As the holidays flew by Thomas and I kept bumping into each other, as family tends to do, my hair felt woefully inadequate. The miniscule amount on the top of my head was something akin to nakedness and I wanted to be clothed. Finally a determined decision was reached on New Year’s Eve, I would chase the flow, no matter where it could go. The major reasoning behind growing was that many never reach Resolutions, blaming laziness or difficulty, but growing hair, seemed perfect. With fostering the flow I would be saving time, money (nearly $270 the first year alone) and I could be as lazy as I wanted because psh, who cares! How ignorant was I for thinking this undertaking would be as simple as not doing something.
Within that first month I was jonesing for a trim to make me feel clean again. I was not use to looking like a mountain man yet, I needed my fix of fashion forward hair. There were many days of near failure, but I held strong, setting events on my phone every few days that said things like, 'Don't give up!' which helped tide me over, made me strong. Then I started dating someone who gave me encouragement to keep the scraggle. Granted this was three months in and I hadn't begun to learn of the most feared 'Awkward Phase', but I was pleased for a time. This girl coupled with Thomas became my support group. He and I would push each other into not cutting it, forging a kind of soul-bond for sick salad heads. Sending photos every day to mark the progress of evolution, random texts, it had all the hallmarks of a stable flow friendship.

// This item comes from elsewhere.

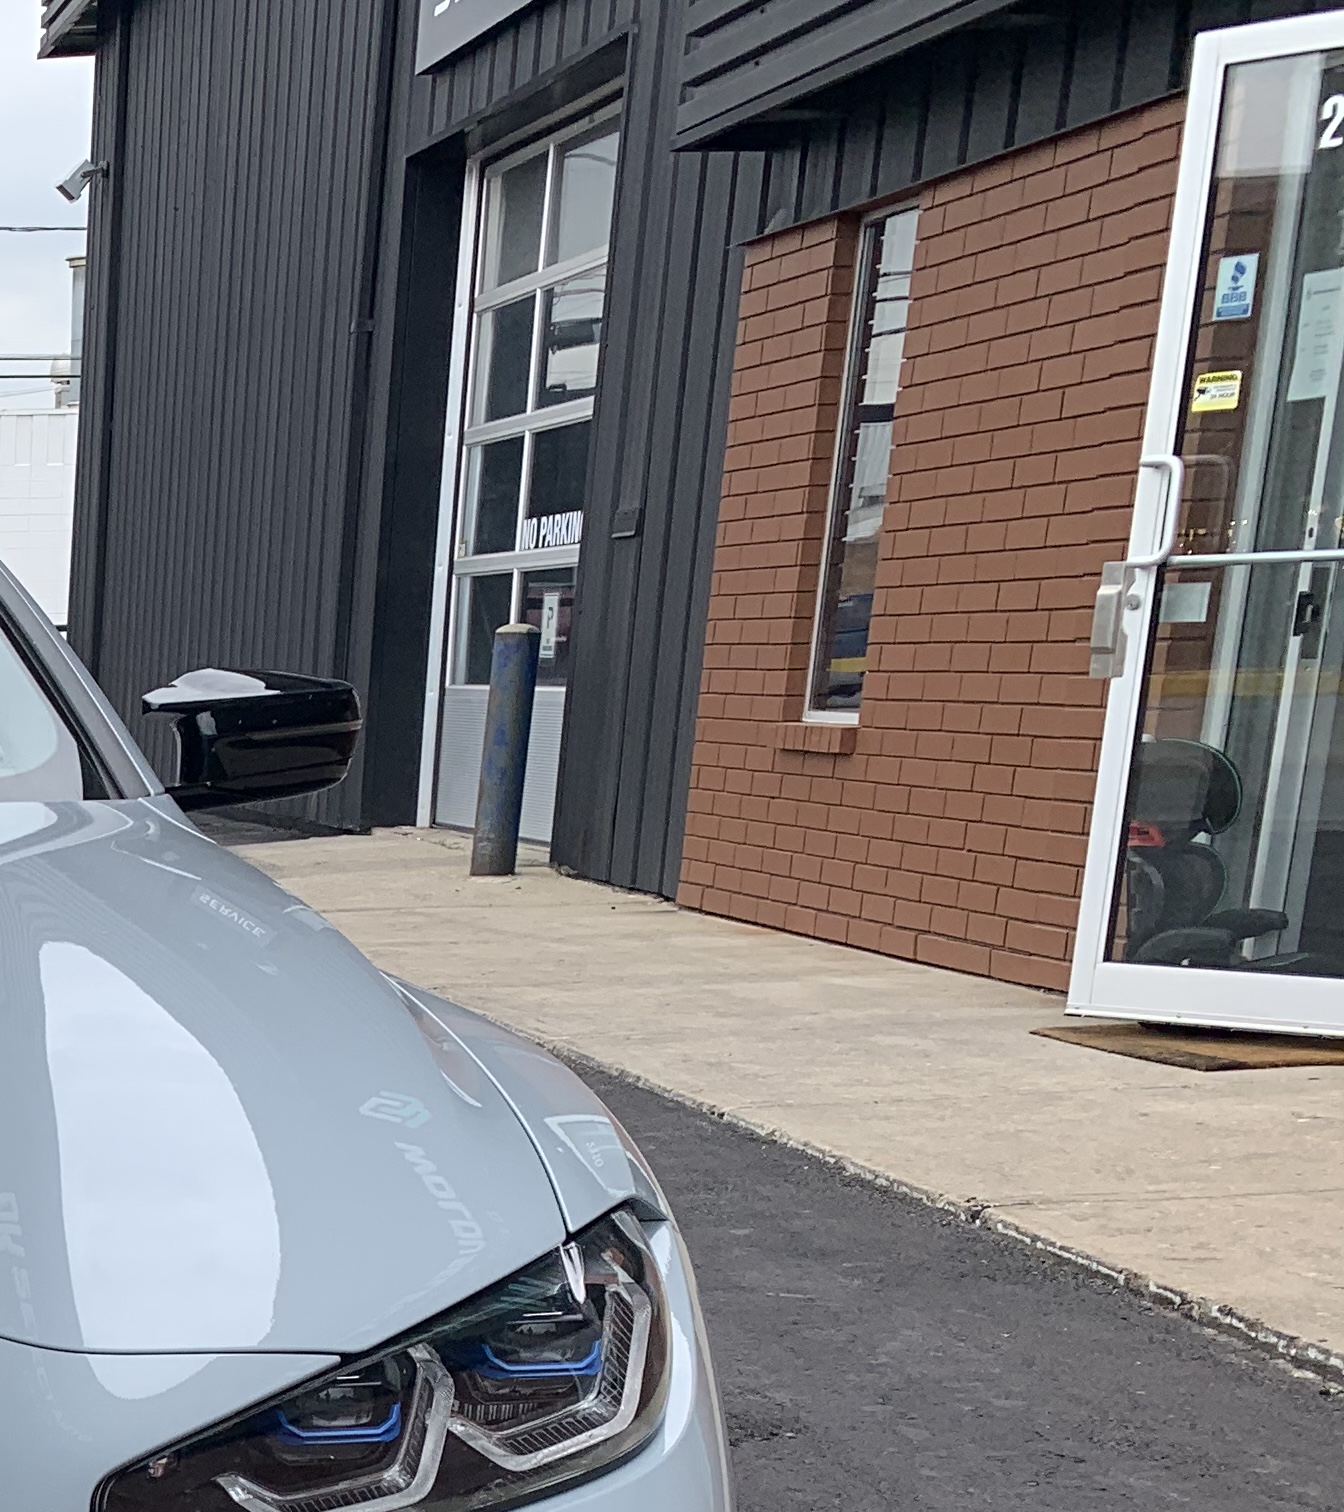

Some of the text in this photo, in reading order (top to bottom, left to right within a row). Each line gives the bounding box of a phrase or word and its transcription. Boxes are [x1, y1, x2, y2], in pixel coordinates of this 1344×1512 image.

[1221, 291, 1247, 304] BBB
[521, 510, 584, 550] NO PARKIN

Sadly, that wasn't enough for my spirit to keep going on those long cold early spring nights, so I looked elsewhere. Reddit had a nice forum for long-haired men, linking to hair care ideas, how to hide the flow and everything you could think of in-between. But the community there felt.... Strange and foreign, akin to looking at a zoo animal from the outside, so Google became my friend.
After weeks of Google-fu I found what I consider home now. There was a clean, yet warm place called 'Thelonghairs.us', a place of refuge for us freedom fighting, fierce flow wearing kinsmen. There were many nights I would lie awake trying to find hope in the back-logged articles from brothers past. There were so many well-formed thoughts one wouldn’t know where to begin. From experiencing the awkward phase (which was full in effect now making me look like a Bieber wannabe) to finding tips on proper grooming (still trying to figure out how that works) they were a community that accepted me, for me. This site brought the plight of long haired men into focus for the first time. Previously I hadn't considered that men with long-hair were often times considered to be an inferior choice for jobs because it wasn't professional. I hadn't been approached from the back and called ma'am yet (this has happened and boy was it funny). This was the second ghost of growing flows, the constant friend who brings different ideas to your attention.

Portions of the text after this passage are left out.